Mahanim Omar, Adam Baharum, Yahya Abu Hasan (2006) have proposed a paper about A
Job Shop Scheduling Problem (JSSP) using Genetic Algorithm. Job shop problems are
generally known as a NP-Hard problem. In this paper they have formed a preliminary
population arbitrarily together with the result achieved by some familiar priority rules such as
shortest processing time and longest processing time. This is used to reduce the objective
function [25].
David Applegate, William Cook (1991) have proposed a paper about A Computational
Study of the JSSP. They tested performance of JSSP with some model instances. MT-10 is a
well-known 10 by 10 problem of Muth and Thompson; ABZ5 and ABZ6 are two problems
from Admas, Balas and Zawaxk; the problems LA19 and LA20 are problems of Lawrence.
They compared their results with best solution [10].
According to Hela Boukef, Mohamed Benrejeb and Pierre Borne [2006-2007] have
proposed a new genetic algorithm coding is suggested in this paper to solve flow-shop
scheduling problems. To explain the effectiveness of the considered approach with decrease of
different costs related to every problem as a scope. Multi-objective optimization is thus, used
and its performances confirmed. The standard range of this technique, based on natural variety
of mechanism, is the development of robustness and balance among cost and performance [15].

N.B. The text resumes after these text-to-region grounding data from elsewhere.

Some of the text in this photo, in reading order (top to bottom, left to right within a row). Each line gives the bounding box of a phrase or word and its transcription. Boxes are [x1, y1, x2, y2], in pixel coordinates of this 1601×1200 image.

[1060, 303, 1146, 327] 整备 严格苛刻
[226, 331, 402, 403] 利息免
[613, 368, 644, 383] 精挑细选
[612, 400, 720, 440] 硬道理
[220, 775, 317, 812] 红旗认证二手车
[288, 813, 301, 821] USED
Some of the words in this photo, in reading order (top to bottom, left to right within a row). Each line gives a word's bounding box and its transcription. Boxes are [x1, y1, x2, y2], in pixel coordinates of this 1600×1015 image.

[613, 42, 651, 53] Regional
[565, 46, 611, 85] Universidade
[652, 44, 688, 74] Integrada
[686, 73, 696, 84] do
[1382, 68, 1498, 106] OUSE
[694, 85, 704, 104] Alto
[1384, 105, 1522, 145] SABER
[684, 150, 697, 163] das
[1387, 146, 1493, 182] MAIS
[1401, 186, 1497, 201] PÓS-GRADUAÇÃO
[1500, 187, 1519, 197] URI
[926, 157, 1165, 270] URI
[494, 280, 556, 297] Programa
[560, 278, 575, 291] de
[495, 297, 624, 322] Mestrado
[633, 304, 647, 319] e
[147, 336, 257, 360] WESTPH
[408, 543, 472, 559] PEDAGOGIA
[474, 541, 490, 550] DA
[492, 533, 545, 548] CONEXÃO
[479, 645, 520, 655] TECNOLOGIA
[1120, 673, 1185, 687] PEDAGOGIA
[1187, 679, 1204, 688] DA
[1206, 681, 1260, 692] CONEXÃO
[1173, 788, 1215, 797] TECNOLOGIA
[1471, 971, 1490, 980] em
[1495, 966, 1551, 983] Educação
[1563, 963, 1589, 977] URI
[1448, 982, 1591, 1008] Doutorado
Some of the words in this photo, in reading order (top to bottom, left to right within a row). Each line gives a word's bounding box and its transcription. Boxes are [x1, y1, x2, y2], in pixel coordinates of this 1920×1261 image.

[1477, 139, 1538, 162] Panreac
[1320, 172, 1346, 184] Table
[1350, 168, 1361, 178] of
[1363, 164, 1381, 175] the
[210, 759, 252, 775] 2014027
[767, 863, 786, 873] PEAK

AndreasFink, StefanVoß (2001) have projected a paper about Solving the Continuous Flow
Shop Scheduling Problem by Metaheuristics. This problem is used to locate a combination of
jobs to be processed consecutively on a number of machines under the constraint that the
processing of every job has to be uninterrupted with respect to the purpose of minimizing the
entire processing time (flow-time). i.e., once the processing of a job begins, there must not be
any waiting times between the processing of any consecutive tasks of this job [2].
According to Samia kouki, Mohamed Jemni, Talel Ladhari (2011) have proposed a paper
about Solving the Permutation Flow Shop Problem with Makespan principle using Grids. The
optimization of scheduling problems is stand on different criteria to optimize. One of the most
significant criteria is to reduce the completion time of the final task on the end machine called
makespan. They offered a parallel algorithm for solving the permutation flow shop problem.
This is used to minimizing the total makespan of the tasks by using Branch and Bound method
to find optimal solutions [37]
According to Peter Brucker, Johann Hurink, Bernd Jurisch and Birgit Gstmann (1995)
have proposed a paper about fundamental concepts of branch & bound algorithm. The branch and
bound algorithm for the OSSP is based on a disjunctive graph formulation. The problem
determined a possible mixture of the machine and job orders which minimizes a certain
objective function.
Ching-Fang Liaw (1999) has talk on the subject of the growth and function of a Hybrid
Genetic Algorithm (HGA) to the OSSP is based on Tabu Search (TS) into a basic Genetic
Algorithm (GA). The local enhancement method enables the HGA algorithm to execute genetic
search in excess of the subspace of local optima. Benchmark problems of OSSP are tested by
using these algorithms. The results were compared with other algorithms also [7].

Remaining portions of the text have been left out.